The seventy-eight genes regulated by FMT in responders were found to delineate clinical outcome both longitudinally and cross-sectionally, and through this analysis, the expression of GBP5 and IRF4 were found to be among the most discriminating variables explaining the variation across groups. GBP5 belongs to the family of guanylate-binding proteins capable of sensing and lysing microbes35. It has been shown to be important in the pathogenesis of both bacterial and viral infections36,37,38,39,40, and recently found to be upregulated in patients with UC41. Specifically, GBP5 was upregulated 8.1-fold in colonic biopsies from European patients with UC when compared to healthy controls and upregulated 3.8-fold in colonic biopsies from Chinese patients with UC when compared to healthy controls41. Intriguingly, IRF4 expression has also been previously shown to be upregulated in patients with UC and to play a role in experimental colitis in mice42,43. In support, we found that genetic deletion of GBP5 protected mice from colitis when they were compared to their wild-type littermates, and additionally IRF4 phosphorylation was dysregulated in their colonic tissue. We speculate that in responders, FMT displaced the microbial trigger inducing GBP5 expression and downstream inflammatory responses. The downregulation of GBP5 subsequently decreases colonic inflammation in these patients. In mice, DSS is known to injure the colonic mucosal barrier due to its toxicity to epithelial cells, leading to increased immune cell exposure to microbial antigens. In the absence of GBP5, downstream immune cell activation and inflammation is diminished, resulting in decreased pathology. IRF4 appears to be tightly linked to GBP5-associated inflammation.

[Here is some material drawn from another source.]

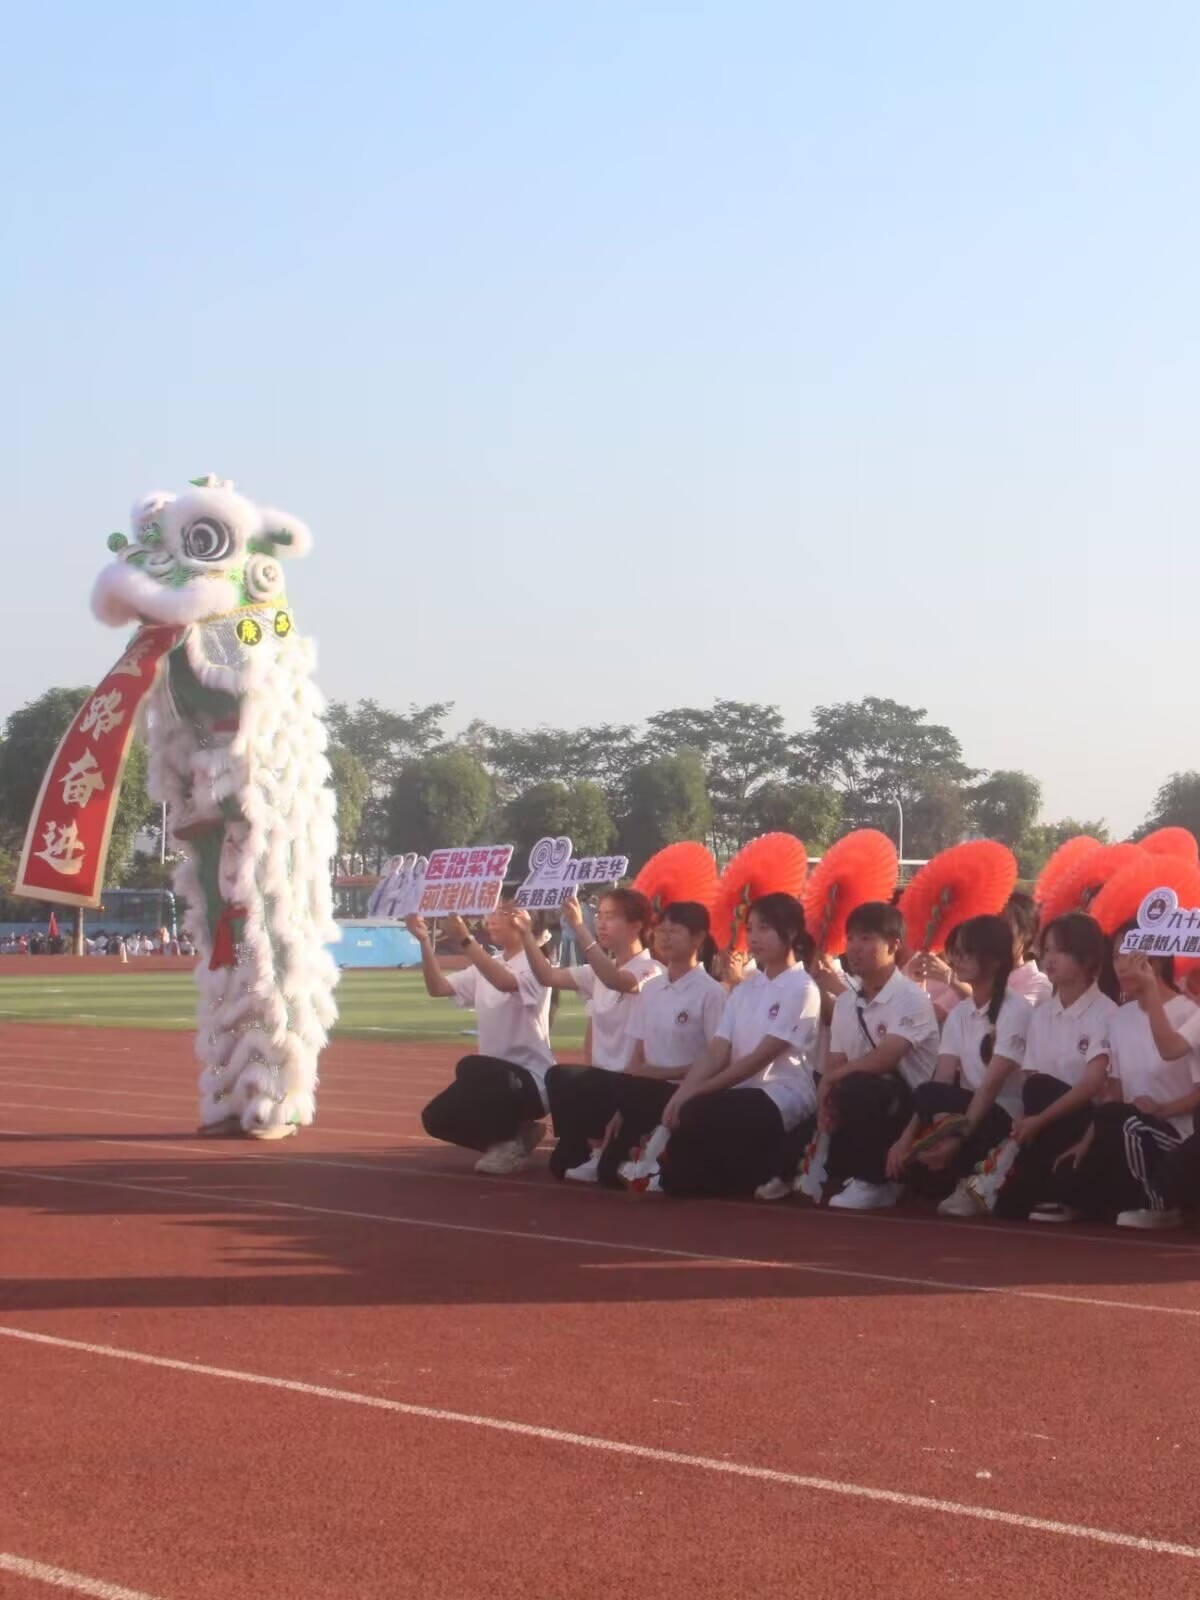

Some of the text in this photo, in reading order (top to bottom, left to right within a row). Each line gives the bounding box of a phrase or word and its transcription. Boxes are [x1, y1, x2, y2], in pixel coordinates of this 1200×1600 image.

In support, we observed that the tight junction marker claudin 2 was significantly higher in undamaged colonic tissue of GBP5-deficient mice when compared to WT mice. While higher expression of claudin 2 has been reported in several contexts, such as being involved in progression of immune-mediated colitis44, increased claudin 2 expression through IL-22 reduces the severity of colitis induced by infection through pathogen clearance45. More relevant, while colonic claudin 2 expression increased permeability, it also increased colon length and protected against DSS colitis through lower colonocyte death on colitis, lower immune activation, and increases in regulatory T cells46. This is in line with our findings in humans where the tight junction pathway was significantly enriched in data from patients who achieved remission.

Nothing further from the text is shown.